Oh, a word on misdiagnoses---the diagnostic criteria for some things, like ODD, are vague and overbroad.
The diagnostic criteria for bipolar disorder are not.
Bipolar disorder can look like something else if the doctor has a limited set of observations of the patient's behavior. It can look like depression if the doctor doesn't know about the manic phases. It can look a bit like schizophrenia, briefly, if all the doctor has seen is a manic patient being psychotic.
There's *nothing* else that looks like bipolar disorder.
If, without drugs, the patient has had more than one episode of clinical depression AND the patient has either had a manic episode on his/her own or had a manic episode in reaction to a normal dose of certain antidepressants, that patient damned well *has* got one of the two bipolar disorders.
If you meet the diagnostic criteria, you've got it, you'll always have it, and you might have something else, too, but ain't no way you *don't* have it.

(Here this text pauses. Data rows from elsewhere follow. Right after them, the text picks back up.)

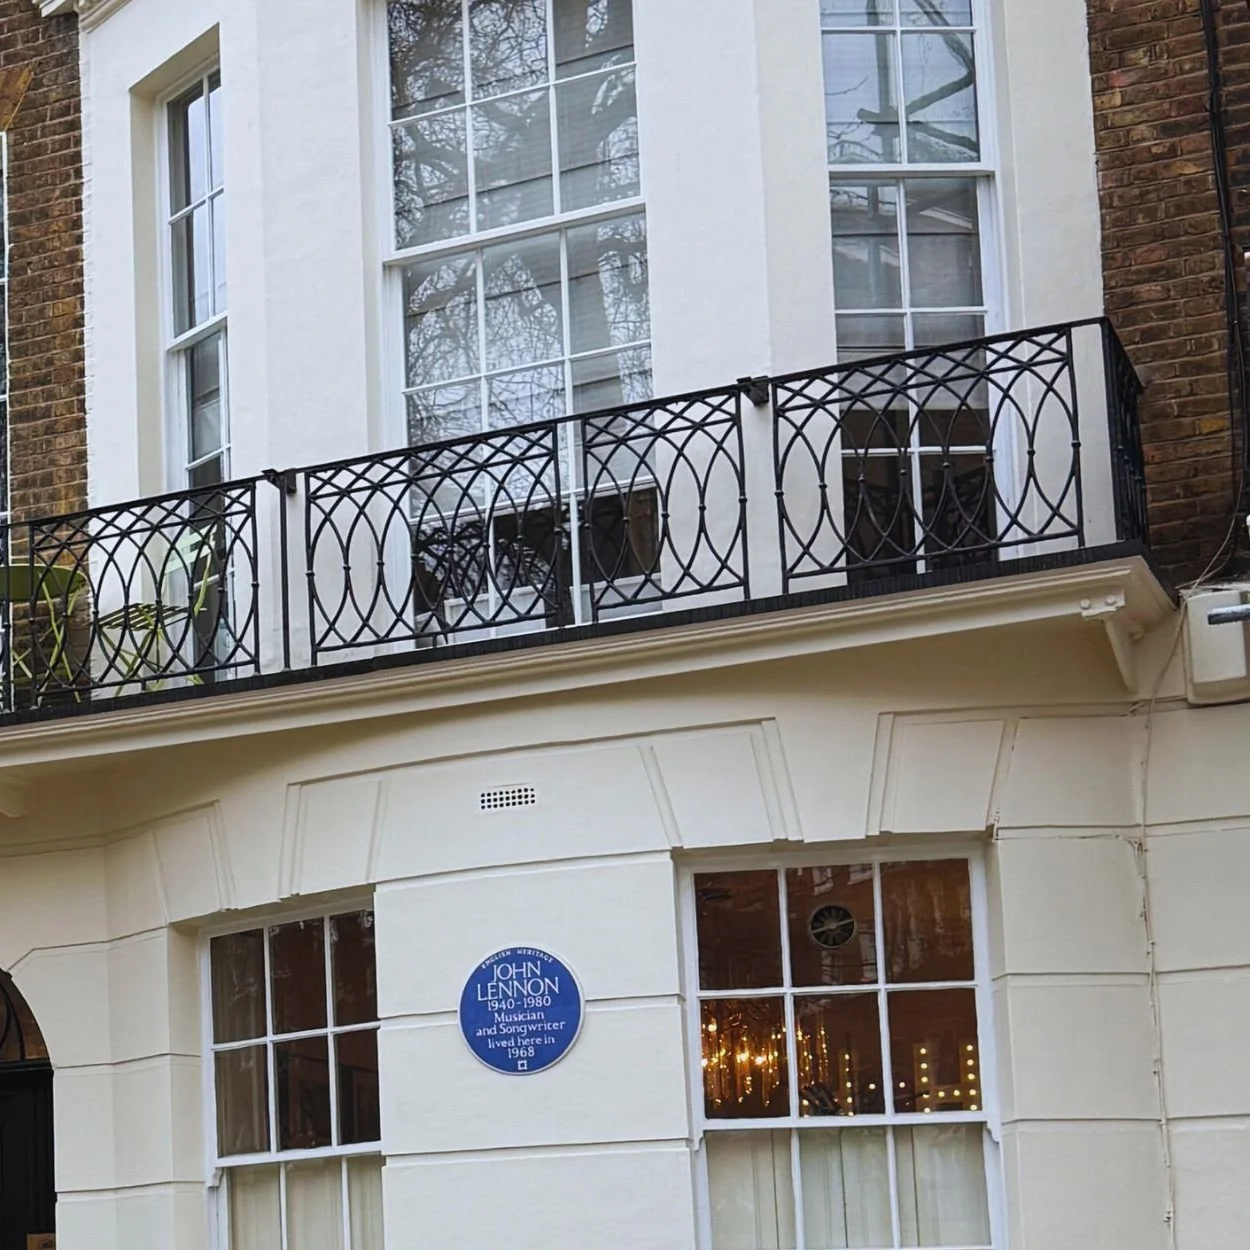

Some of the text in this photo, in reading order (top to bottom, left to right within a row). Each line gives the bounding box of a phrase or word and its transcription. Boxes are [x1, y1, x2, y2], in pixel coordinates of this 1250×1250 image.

[493, 960, 541, 982] JOHN
[477, 976, 559, 1001] LENNON
[494, 1010, 545, 1023] Musician
[476, 1020, 566, 1037] and Songwriter
[487, 1033, 556, 1049] lived here in
[507, 1046, 535, 1059] 1968

If a doctor makes a firm diagnosis of bipolar disorder (rather than just telling the parents it's a possibility) without the patient meeting the diagnostic criteria, then that's obviously a case of medical malpractice.
You should never accept a diagnosis of one of the major mental illness for yourself, your spouse, or your child without getting an independent second opinion from a second qualified psychiatrist who has no relationship to the first one.
People don't get misdiagnosed with bipolar disorder by two independent psychiatrists. If two independent psychiatrists say you or your spouse or your child is bipolar, *BELIEVE THEM*.